**Task item**.
Retype the listing below exactly, pictures removed.

** Opening Data under study block **

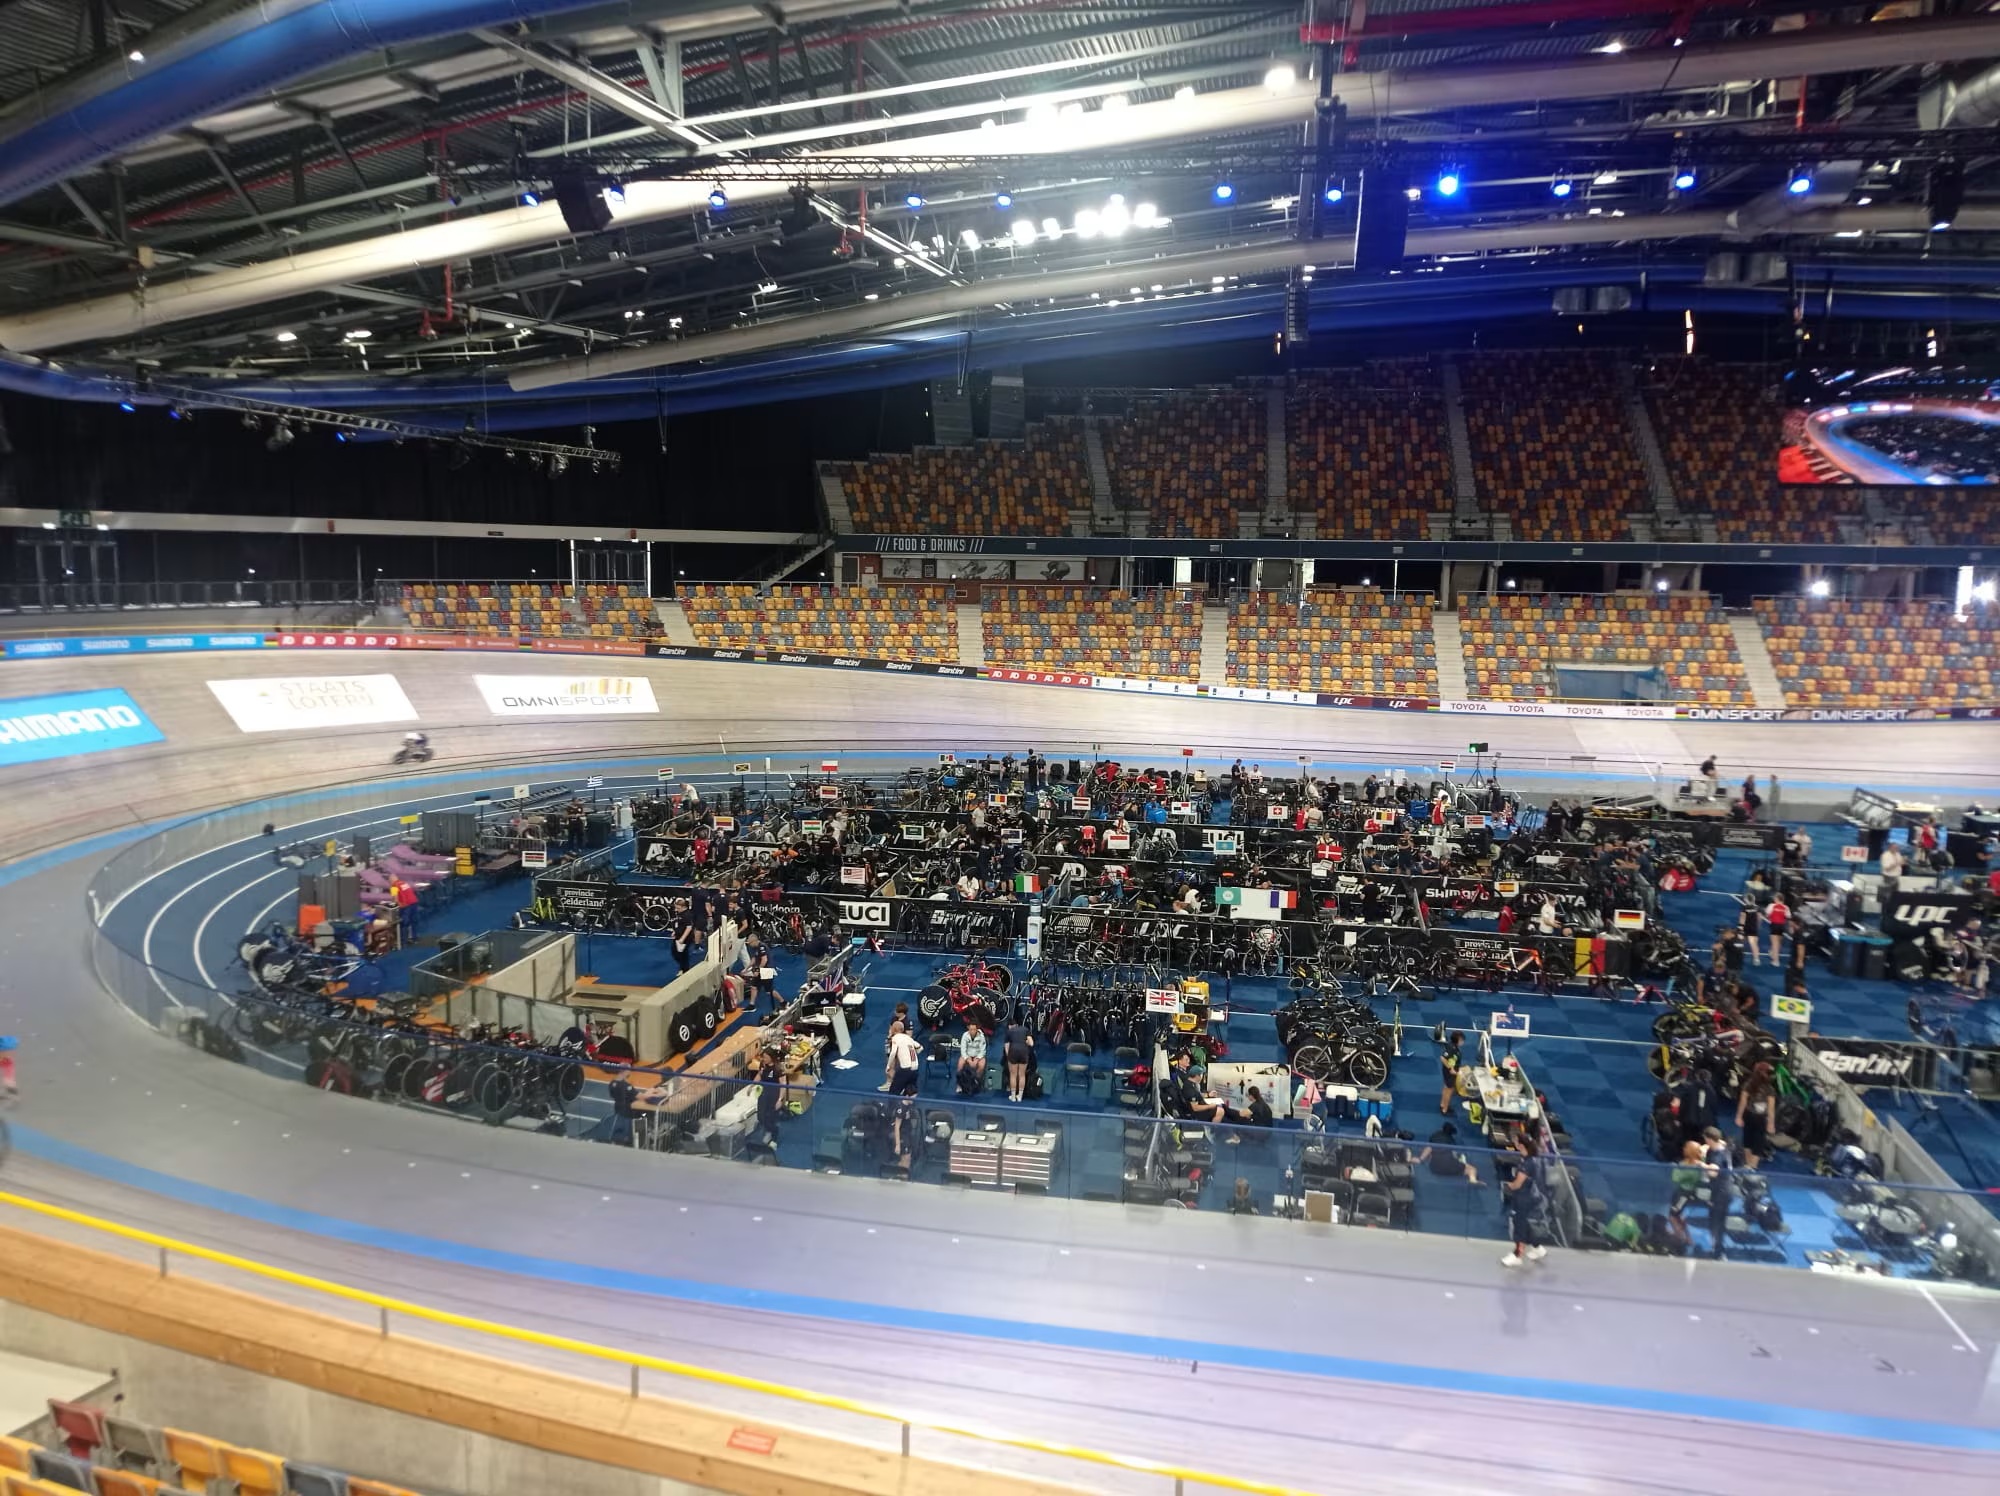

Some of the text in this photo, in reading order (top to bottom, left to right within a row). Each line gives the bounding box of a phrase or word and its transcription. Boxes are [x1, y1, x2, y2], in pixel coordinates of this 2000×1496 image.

[893, 538, 917, 551] FOOD
[920, 539, 926, 551] &
[931, 539, 966, 552] DRINKS
[658, 647, 687, 656] Santini
[713, 650, 742, 659] Santini
[779, 654, 807, 663] Santini
[833, 658, 861, 667] Santini
[886, 662, 913, 671] Santini
[938, 666, 965, 675] Santini
[280, 681, 367, 695] STAATS
[502, 696, 633, 707] OMNISPORT
[1451, 702, 1487, 711] TOYOTA
[1508, 705, 1545, 713] TOYOTA
[1567, 707, 1603, 715] TOYOTA
[1626, 708, 1664, 717] TOYOTA
[1689, 708, 1785, 720] OMNISPORT
[1811, 709, 1907, 720] OMNISPORT
[0, 705, 141, 744] HIMANO
[564, 888, 595, 898] provincie
[560, 897, 605, 908] Gelderland
[847, 905, 887, 922] UCI
[1818, 1050, 1913, 1076] Santini
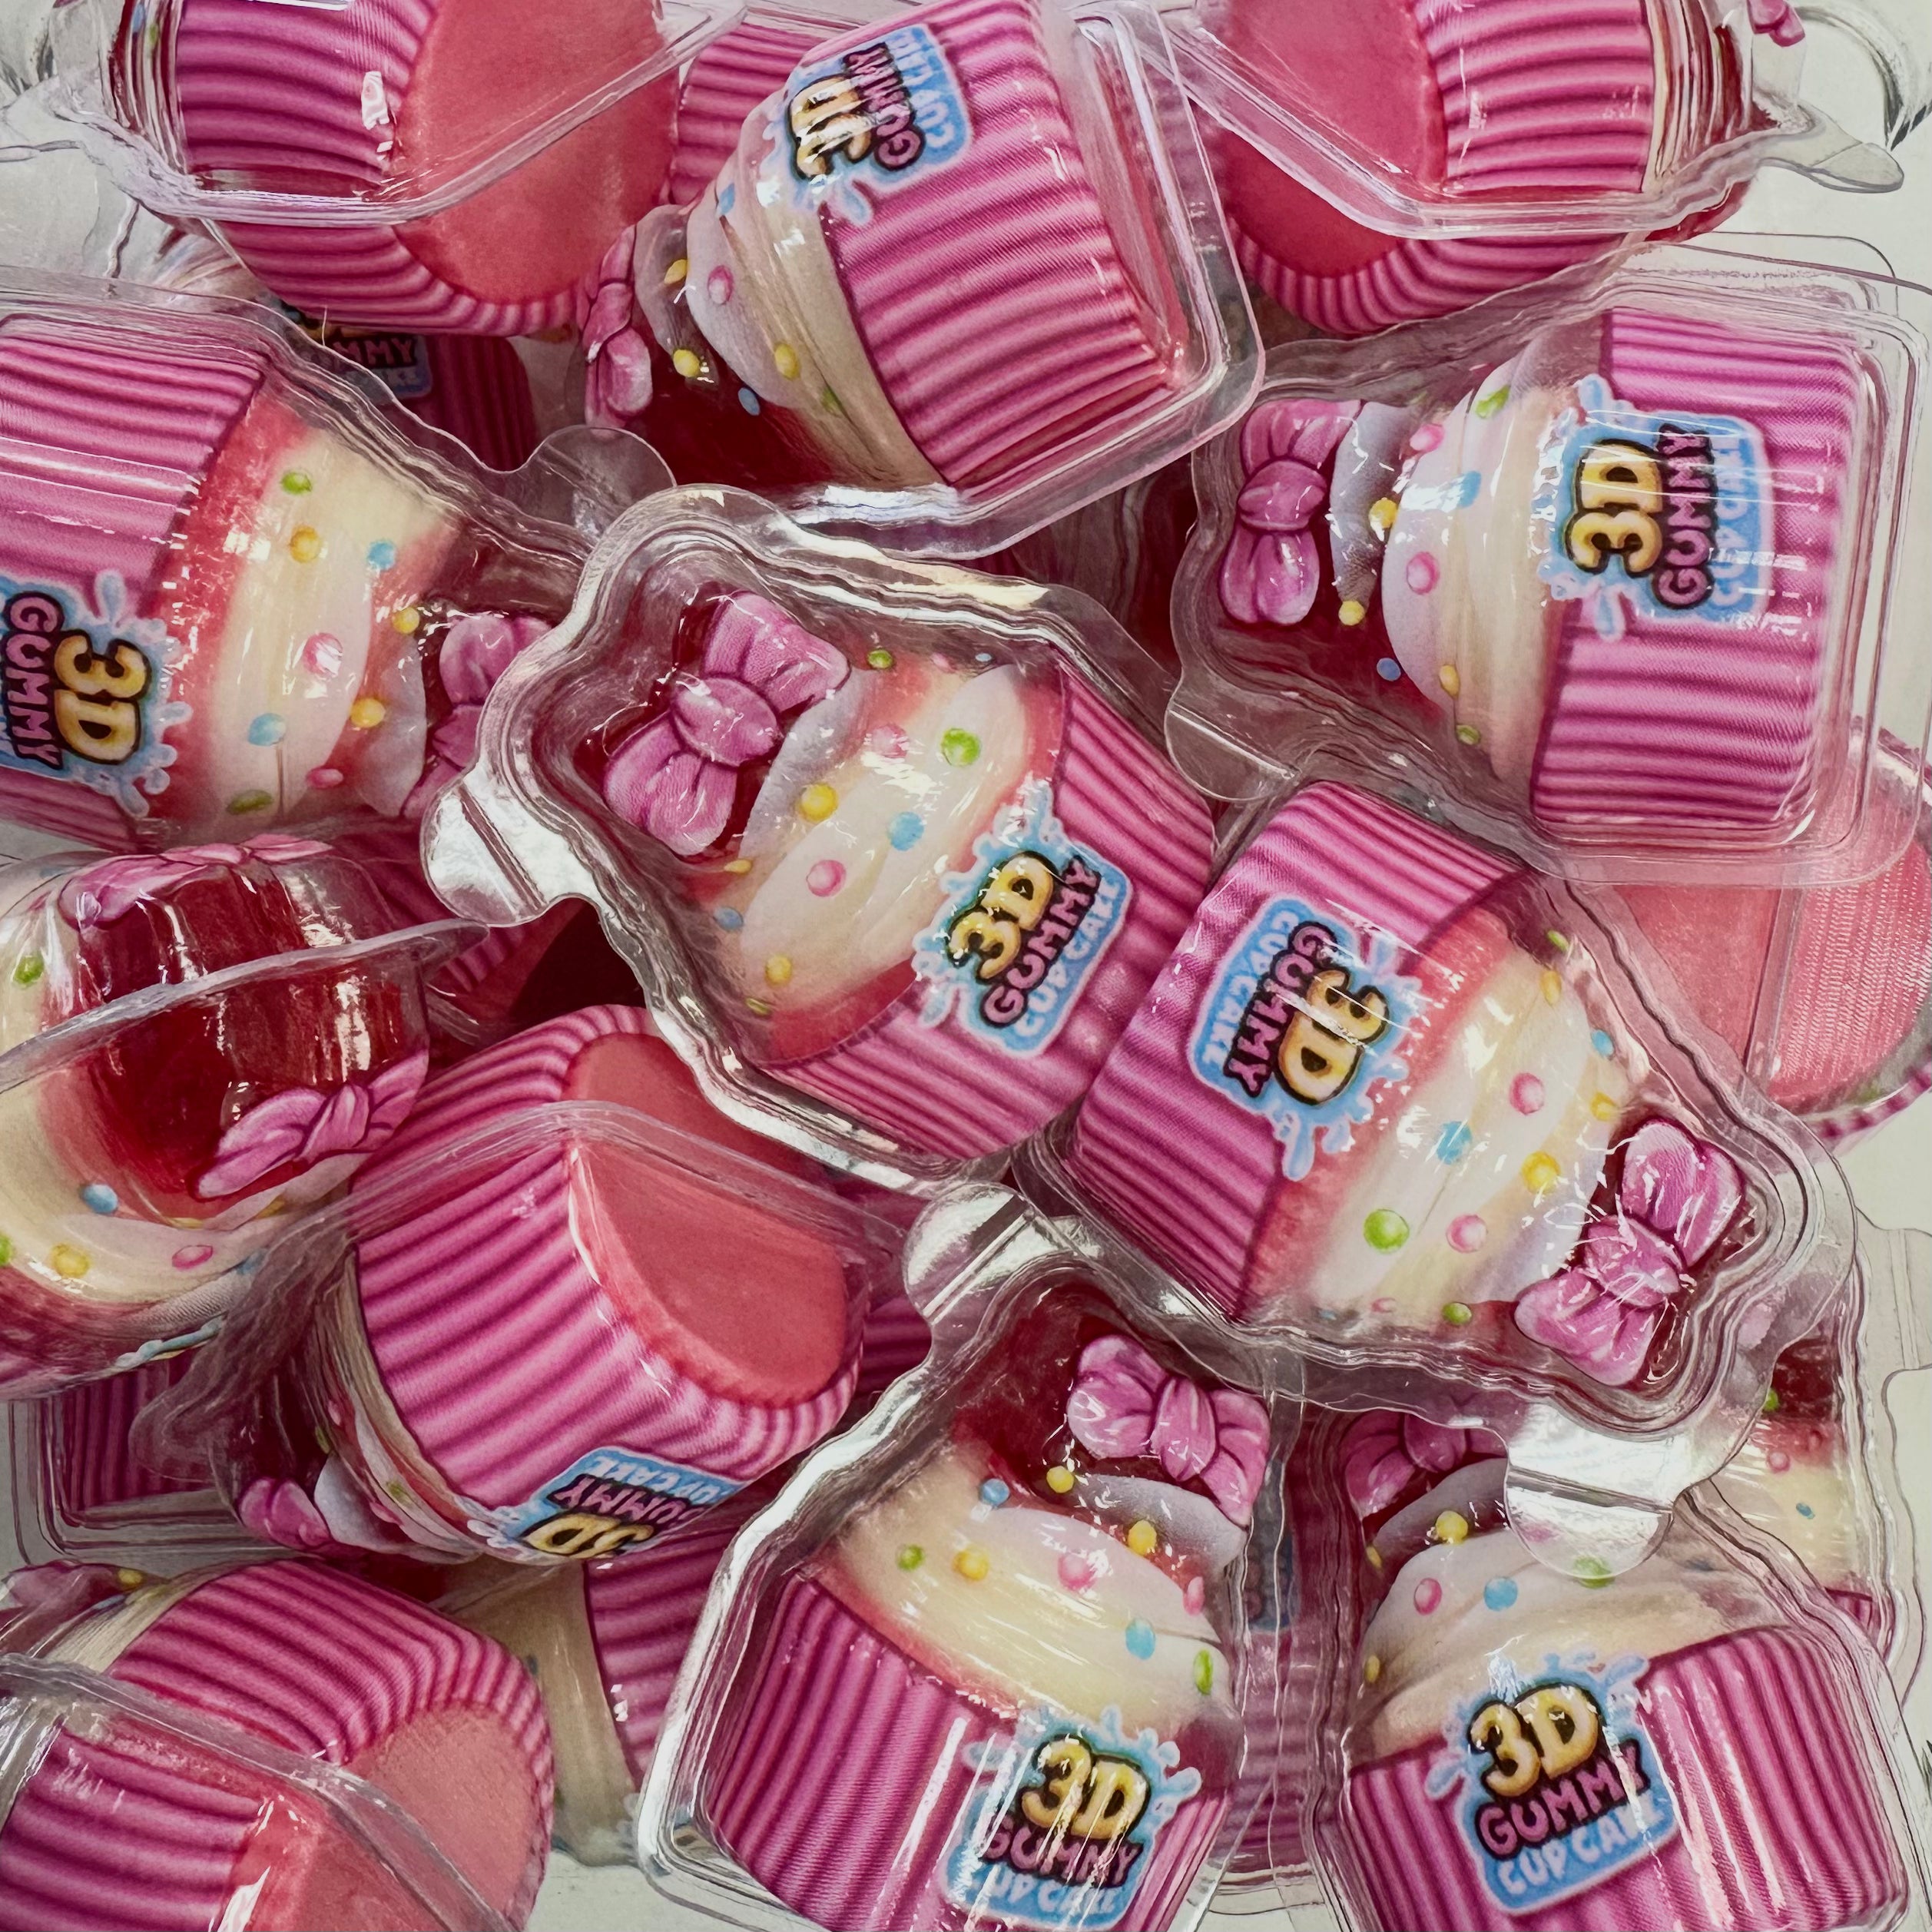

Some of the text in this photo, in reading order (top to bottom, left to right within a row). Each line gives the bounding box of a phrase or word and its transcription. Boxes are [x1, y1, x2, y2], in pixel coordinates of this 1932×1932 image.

[788, 73, 873, 179] 3D
[1568, 441, 1662, 576] 3D
[1656, 424, 1714, 608] GUMMY
[4, 593, 61, 769] GUMMY
[53, 632, 151, 763] 3D
[946, 853, 1055, 983] 3D
[981, 857, 1102, 1026] GUMMY
[1224, 922, 1337, 1095] GUMMY
[1276, 966, 1388, 1104] 3D
[1019, 1735, 1151, 1840] 3D
[1467, 1683, 1600, 1799] 3D
[1476, 1740, 1649, 1859] GUMMY

** Closing Data under study block **

**Expected answer**.
Some of the text in this photo, in reading order (top to bottom, left to right within a row). Each line gives the bounding box of a phrase or word and its transcription. Boxes are [x1, y1, x2, y2], in pixel coordinates of this 2000×1496 image.

[893, 538, 917, 551] FOOD
[920, 539, 926, 551] &
[931, 539, 966, 552] DRINKS
[658, 647, 687, 656] Santini
[713, 650, 742, 659] Santini
[779, 654, 807, 663] Santini
[833, 658, 861, 667] Santini
[886, 662, 913, 671] Santini
[938, 666, 965, 675] Santini
[280, 681, 367, 695] STAATS
[502, 696, 633, 707] OMNISPORT
[1451, 702, 1487, 711] TOYOTA
[1508, 705, 1545, 713] TOYOTA
[1567, 707, 1603, 715] TOYOTA
[1626, 708, 1664, 717] TOYOTA
[1689, 708, 1785, 720] OMNISPORT
[1811, 709, 1907, 720] OMNISPORT
[0, 705, 141, 744] HIMANO
[564, 888, 595, 898] provincie
[560, 897, 605, 908] Gelderland
[847, 905, 887, 922] UCI
[1818, 1050, 1913, 1076] Santini

Some of the text in this photo, in reading order (top to bottom, left to right within a row). Each line gives the bounding box of a phrase or word and its transcription. Boxes are [x1, y1, x2, y2], in pixel coordinates of this 1932×1932 image.

[788, 73, 873, 179] 3D
[1568, 441, 1662, 576] 3D
[1656, 424, 1714, 608] GUMMY
[4, 593, 61, 769] GUMMY
[53, 632, 151, 763] 3D
[946, 853, 1055, 983] 3D
[981, 857, 1102, 1026] GUMMY
[1224, 922, 1337, 1095] GUMMY
[1276, 966, 1388, 1104] 3D
[1019, 1735, 1151, 1840] 3D
[1467, 1683, 1600, 1799] 3D
[1476, 1740, 1649, 1859] GUMMY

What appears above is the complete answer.